0.92 g of PVA (Fluka: 4-88) is added to 25 g of DI water. The mixture is stirred at room temperature until complete dissolution of the PVA. The PVA solution is added at room temperature to a mixture of 33.3 g of the aqueous dialyzed ZnO Nyacol sol prepared in the preceding step (17% by mass ZnO) and 4.34 g of the aqueous sol of dialyzed ZnO Evonik prepared in the previous step (14.5% by weight in ZnO). The reaction medium is milky white, very homogeneous, without formation of precipitate. The reaction medium is then added dropwise in liquid nitrogen (DEWAR 5 I), the diameter of the drops is about 5 mm. The agglomerates obtained after quenching in liquid nitrogen are then filtered on a plastic Buchner. They are weighed and freeze-dried for 48 hours. Lyophilization usually lasts 48 hours. After 36 hours, the lyophilization is stopped and the agglomerates are weighed. They are then left to freeze dry for 12 hours, then they are reweighed. We consider that the lyophilization is complete if the mass variation between 36 hours and 48 hours does not exceed 0.5 g per 100 g of material involved.
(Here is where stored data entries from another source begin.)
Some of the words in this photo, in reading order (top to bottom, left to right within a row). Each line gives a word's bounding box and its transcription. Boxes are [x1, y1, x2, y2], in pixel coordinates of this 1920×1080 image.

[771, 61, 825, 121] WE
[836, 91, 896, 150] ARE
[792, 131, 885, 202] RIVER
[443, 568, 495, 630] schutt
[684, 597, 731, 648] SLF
The agglomerates are then conditioned under argon and stored at room temperature.

Claims

1. Nuclear reactor comprising:

a core having nuclear fuel assemblies;

a circuit (20) for cooling the core in which a cooling fluid circulates;

a device (50) provided for the injection of nanoparticles into the cooling fluid;

characterized in that the nanoparticles comprise first nanoparticles (82) of a first type having a first form factor of less than two, and second nanoparticles (84) of a second type different from the first type having a second form factor greater than two, the nanoparticles comprising between 10% and 90% by weight of the first nanoparticles (82) and between 90% and 10% by weight of the second nanoparticles (84).

2. Reactor according to claim 1, characterized in that the device (50) provided for the injection of nanoparticles comprises a storage (52) of said nanoparticles in solid form, and a body (54) for injecting the nanoparticles in solid form. from the storage (52) directly into the coolant.
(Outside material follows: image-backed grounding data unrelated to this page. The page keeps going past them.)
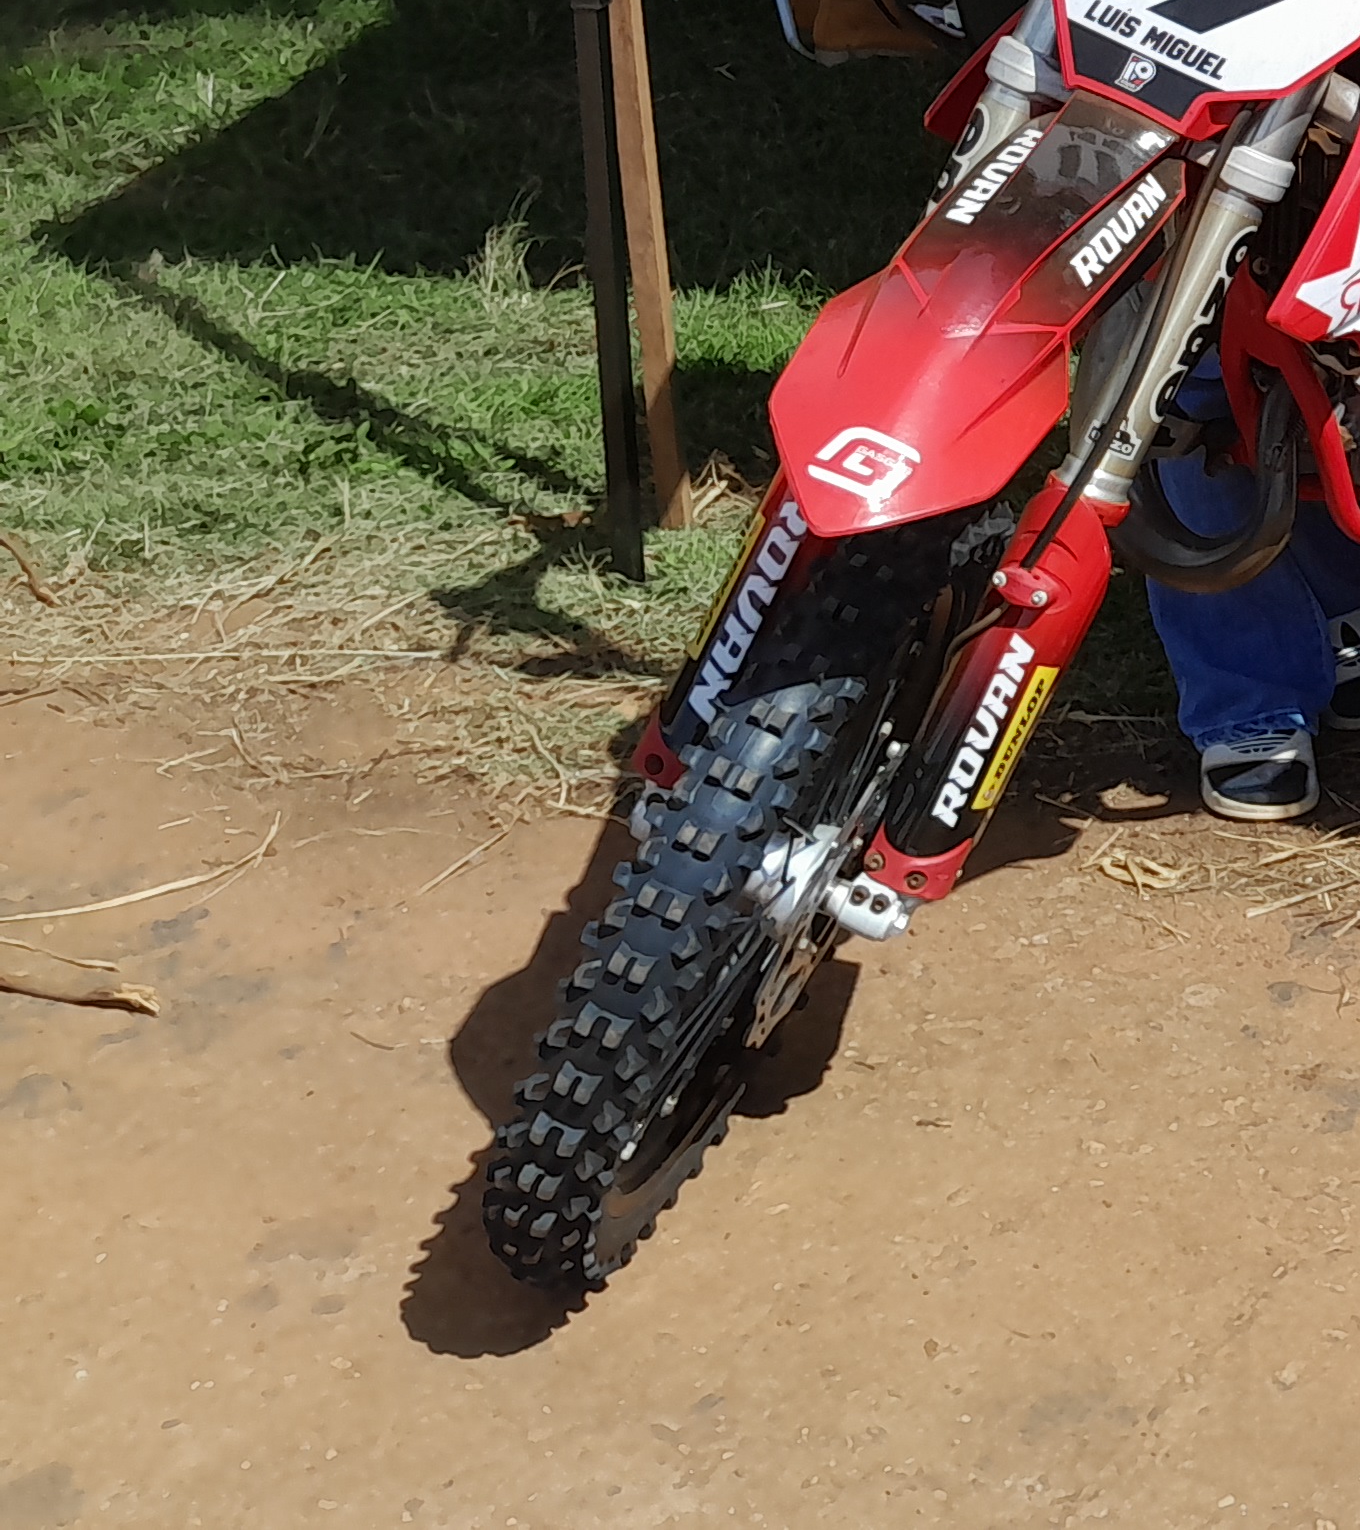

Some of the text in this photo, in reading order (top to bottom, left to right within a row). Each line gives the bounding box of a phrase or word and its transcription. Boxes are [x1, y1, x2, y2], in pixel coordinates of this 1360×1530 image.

[1140, 25, 1229, 81] MIGUEL
[945, 129, 1044, 225] ROVAN
[1069, 172, 1168, 288] ROVAN
[930, 632, 1036, 829] ROVAN
[995, 678, 1045, 780] DUNLOP
3. Reactor according to any one of the preceding claims, characterized in that the nanoparticles, before injection, are in the form of agglomerates (80), each agglomerate (80) comprising first nanoparticles (82) and second nanoparticles ( 84).

4. Reactor according to claim 3, characterized in that the agglomerates (80) have predominantly sizes between 150 nm and 400 nm.
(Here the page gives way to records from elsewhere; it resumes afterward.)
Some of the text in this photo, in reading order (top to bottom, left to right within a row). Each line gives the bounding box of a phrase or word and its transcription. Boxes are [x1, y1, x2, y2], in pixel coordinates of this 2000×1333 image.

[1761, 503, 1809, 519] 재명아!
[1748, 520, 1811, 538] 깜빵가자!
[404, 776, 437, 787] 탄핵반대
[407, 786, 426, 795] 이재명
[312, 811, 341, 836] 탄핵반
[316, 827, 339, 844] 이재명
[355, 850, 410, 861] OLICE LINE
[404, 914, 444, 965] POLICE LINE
5. Reactor according to any one of claims 3 or 4, characterized in that the agglomerates (80) have a general zig-zag shape.

6. Reactor according to any one of the preceding claims, characterized in that the first nanoparticles (82) have a form factor of between 1 and 1.5.

7. Reactor according to any one of the preceding claims, characterized in that the first nanoparticles (82) are in a mineral oxide, typically selected from Al ₂ 0 ₃ , ZnO, Ce0 ₂ or Fe ₂ 0 ₃ .

8. Reactor according to any one of the preceding claims, characterized in that the second nanoparticles (84) have a form factor of between 2 and 5.

9. Reactor according to any one of the preceding claims, characterized in that the second nanoparticles (84) are in a mineral oxide, typically selected from Al ₂ 0 ₃ , ZnO, Ce0 ₂ or Fe ₂ 0 ₃ .

10. Reactor according to any one of the preceding claims, characterized in that the nanoparticles have predominantly sizes between 50 nm and 250 nm, before agglomeration.